The Changing Role of Chief Learning Officers (CLO) in the Modern Business Landscape

Today’s business landscape is not the same as the landscape from 30, 20 or even 10 years ago.

Digitalisation is opening up new opportunities. Artificial Intelligence is creating solutions but also raising challenges. The regulatory environment is becoming complex.

In the modern-day VUCA (volatile, uncertain, complex, ambiguous) business ecosystem, learning can make a working professional successful or push him into oblivion.

Such shifts are also changing the roles and responsibilities of Chief Learning Officers (CLO). Where earlier they were in charge of designing and delivering job-related training and development initiatives, now their work profile is much broader and definitely more strategic. Today’s CLO is also expected to reshape their employees’ capabilities and their organisation’s culture, and find ways for the two to synergise.

This prospect may sound intimidating to some. However, there are several ways for a CLO to take charge of transforming their organisation’s learning culture and position her company for success.

Develop capabilities and mindsets, not just skills and competencies

Today, it is no longer enough to train employees on job- or compliance-related skills. To prepare their organisations for the future, CLOs need to focus more on developing mindsets and behaviours that can enable employees to perform well in future as well.

Develop leaders and let leaders develop

Leaders must be encouraged to build new strengths, capabilities, values and behaviours. Resting on their past laurels should be outlawed. Only when leaders are able to enhance their past experiences and expertise with self-driven learning and experimentation can organisational goals truly be achieved.

Think Digital, Think Data

Today, no modern company can afford to ignore the era of digitalisation. That’s why CLOs must encourage their employees to develop digital awareness and data-driven thinking. Only when employees are prepared for the digital age will they be able to contribute great ideas to make their organisation’s digital-driven business transformation a success.

Learning comes from curiosity and a willingness to learn

CLOs must strive to develop an organisational culture that encourages curiosity and the desire to learn.

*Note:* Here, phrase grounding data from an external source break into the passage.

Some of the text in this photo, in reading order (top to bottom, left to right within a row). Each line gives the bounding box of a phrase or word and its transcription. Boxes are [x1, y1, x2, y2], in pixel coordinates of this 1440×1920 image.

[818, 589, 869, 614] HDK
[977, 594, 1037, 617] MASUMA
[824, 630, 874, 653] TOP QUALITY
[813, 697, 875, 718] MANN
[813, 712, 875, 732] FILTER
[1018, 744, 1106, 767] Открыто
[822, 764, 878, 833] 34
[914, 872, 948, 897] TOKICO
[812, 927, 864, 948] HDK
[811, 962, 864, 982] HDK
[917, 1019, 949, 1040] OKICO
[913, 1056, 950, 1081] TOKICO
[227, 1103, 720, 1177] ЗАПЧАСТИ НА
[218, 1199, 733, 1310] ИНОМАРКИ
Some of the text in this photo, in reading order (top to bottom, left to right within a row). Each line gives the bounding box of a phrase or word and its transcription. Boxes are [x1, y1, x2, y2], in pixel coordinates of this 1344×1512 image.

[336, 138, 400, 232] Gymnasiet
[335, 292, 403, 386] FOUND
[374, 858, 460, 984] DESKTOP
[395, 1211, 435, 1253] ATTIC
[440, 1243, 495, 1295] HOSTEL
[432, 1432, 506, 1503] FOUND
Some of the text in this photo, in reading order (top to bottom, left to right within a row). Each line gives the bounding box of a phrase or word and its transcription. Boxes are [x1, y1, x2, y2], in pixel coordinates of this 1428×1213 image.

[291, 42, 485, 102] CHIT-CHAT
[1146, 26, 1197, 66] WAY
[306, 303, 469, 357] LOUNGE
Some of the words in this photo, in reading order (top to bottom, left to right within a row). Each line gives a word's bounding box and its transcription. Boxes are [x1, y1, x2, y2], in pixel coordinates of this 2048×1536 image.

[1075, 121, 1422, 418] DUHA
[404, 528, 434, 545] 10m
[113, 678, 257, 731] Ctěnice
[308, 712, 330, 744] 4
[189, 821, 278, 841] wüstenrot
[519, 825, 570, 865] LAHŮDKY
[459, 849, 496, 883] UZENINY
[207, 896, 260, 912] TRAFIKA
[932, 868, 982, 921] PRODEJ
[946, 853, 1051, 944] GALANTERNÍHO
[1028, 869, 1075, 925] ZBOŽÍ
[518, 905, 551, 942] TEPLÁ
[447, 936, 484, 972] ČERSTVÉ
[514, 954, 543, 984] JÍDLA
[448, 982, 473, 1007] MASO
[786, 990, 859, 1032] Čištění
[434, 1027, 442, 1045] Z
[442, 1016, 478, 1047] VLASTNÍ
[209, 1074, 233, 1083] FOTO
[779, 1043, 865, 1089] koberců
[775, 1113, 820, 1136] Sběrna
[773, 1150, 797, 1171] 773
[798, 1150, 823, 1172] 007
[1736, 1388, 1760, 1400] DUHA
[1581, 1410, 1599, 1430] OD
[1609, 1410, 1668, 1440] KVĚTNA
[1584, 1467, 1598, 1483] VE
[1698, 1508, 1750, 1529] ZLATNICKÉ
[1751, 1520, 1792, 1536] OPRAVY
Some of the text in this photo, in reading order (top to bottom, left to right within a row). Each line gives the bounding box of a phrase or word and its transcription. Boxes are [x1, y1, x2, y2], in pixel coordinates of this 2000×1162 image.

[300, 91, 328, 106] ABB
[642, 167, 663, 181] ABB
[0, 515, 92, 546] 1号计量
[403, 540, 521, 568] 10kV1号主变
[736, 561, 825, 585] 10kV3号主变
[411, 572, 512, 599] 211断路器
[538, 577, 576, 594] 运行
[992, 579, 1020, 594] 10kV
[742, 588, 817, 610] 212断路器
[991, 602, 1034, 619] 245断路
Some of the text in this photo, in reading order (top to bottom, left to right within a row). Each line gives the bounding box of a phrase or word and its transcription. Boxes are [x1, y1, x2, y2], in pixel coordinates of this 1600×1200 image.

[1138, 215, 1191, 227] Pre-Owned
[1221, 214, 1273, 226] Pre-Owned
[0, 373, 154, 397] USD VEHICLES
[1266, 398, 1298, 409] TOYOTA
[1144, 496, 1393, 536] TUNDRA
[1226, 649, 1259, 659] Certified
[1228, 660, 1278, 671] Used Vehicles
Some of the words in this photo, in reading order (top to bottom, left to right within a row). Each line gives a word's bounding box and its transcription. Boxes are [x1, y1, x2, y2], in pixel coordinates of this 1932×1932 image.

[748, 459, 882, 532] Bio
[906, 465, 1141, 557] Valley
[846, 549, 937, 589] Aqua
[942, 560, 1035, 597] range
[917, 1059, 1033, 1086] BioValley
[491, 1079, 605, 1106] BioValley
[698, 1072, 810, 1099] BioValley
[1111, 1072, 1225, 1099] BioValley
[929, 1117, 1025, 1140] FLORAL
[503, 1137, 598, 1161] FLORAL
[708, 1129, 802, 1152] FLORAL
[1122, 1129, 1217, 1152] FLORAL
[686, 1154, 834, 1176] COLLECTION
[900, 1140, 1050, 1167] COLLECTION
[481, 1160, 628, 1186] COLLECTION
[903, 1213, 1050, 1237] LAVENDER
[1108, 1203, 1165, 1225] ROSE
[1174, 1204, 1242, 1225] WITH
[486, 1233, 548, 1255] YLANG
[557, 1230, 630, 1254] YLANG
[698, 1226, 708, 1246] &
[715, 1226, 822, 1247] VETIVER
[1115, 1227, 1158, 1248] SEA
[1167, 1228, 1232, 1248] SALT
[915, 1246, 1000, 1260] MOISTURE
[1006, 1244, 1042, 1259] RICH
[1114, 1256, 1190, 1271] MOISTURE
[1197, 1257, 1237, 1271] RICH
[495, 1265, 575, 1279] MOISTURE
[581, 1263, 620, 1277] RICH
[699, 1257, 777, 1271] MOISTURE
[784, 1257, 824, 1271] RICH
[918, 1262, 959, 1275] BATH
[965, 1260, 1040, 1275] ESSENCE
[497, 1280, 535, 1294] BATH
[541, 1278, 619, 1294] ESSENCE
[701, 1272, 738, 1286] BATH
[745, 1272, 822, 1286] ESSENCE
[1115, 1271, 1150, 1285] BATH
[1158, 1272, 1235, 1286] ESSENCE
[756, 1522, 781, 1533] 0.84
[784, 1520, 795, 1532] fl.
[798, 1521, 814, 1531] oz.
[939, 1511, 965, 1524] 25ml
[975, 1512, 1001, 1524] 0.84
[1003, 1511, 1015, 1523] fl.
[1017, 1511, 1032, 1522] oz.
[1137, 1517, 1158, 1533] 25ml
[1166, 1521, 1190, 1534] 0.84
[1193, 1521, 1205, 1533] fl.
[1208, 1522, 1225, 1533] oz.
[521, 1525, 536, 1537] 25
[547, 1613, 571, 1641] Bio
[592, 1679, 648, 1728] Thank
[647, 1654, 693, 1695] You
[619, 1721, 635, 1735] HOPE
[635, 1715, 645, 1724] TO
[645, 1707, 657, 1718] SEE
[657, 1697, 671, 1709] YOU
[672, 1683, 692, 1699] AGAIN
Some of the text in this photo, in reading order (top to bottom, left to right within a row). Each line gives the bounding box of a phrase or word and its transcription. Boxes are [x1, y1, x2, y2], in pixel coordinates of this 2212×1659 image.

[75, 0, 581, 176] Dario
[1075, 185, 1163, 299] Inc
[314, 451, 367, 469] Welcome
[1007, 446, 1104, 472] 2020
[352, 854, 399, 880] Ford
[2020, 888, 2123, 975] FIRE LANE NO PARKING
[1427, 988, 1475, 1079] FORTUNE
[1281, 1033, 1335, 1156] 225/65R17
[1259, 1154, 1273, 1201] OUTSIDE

Personalise learning and make it part of the company’s DNA. Build tools that tailor learning plans to individuals. Identify useful external content and add it to your on-demand learning modules. Empower employees to set their own agendas for gaining knowledge and skills. Foster peer learning and provide contexts where they can both learn and teach in order to internalise their learnings. By rethinking ways of delivering learning, CLOs can create a ‘learning-pervasive’ environment that is available to everybody who might benefit from it.

Embrace new ways of learning (and teaching)

With so many digital tools and technology available today, there is no reason why learning must continue to remain an ‘exclusive’ opportunity available only to some employees. A learning culture where only a select few (e.g. top leadership) get access to high-quality training is counter-intuitive to the goal of driving organisational success through learning and development.

CLOs must harness the new opportunities available today to digitise and democratise learning across the employee spectrum. Encourage every employee to learn and grow. Stop focusing on specific job-related courses and aim to deliver learning experiences for the ‘whole’ person. Of course, this does not mean that you give up on old-fashioned in-person learning. Balance face-to-face and digital learning – use text, audio, video, games, simulations and combine them with classroom instruction. As long as you give your participants opportunities for introspection and immersion in addition to instruction, you will be able to create effective learning experiences for employees, no matter where they are.

If something’s not working, get rid of it (and if something is, improve it!)

CLOs must create an inventory of learning resources and monitor it periodically to understand what’s working and what’s not. Use data analytics, employee surveys and other sources of information to optimise the learning and development inventory. Sometimes, less can be more. Fewer courses, fewer clicks, fewer items on a page – figure out the best combinations that will improve your learners’ capabilities and lead to growth.

This may require a few iterations that can only come about by measuring the impact of your learning initiatives. Tie learning experiences to employee performance and measure the business outcomes that result from training.

A final word

Today’s organisations and CLOs are required to be proactive and strategic with their learning and development initiatives. Instead of looking at employee learning with a short-term lens, they need to make it an integral part of their companies’ strategic agenda. Only then will they see tangible outcomes that transform their organisation’s futures.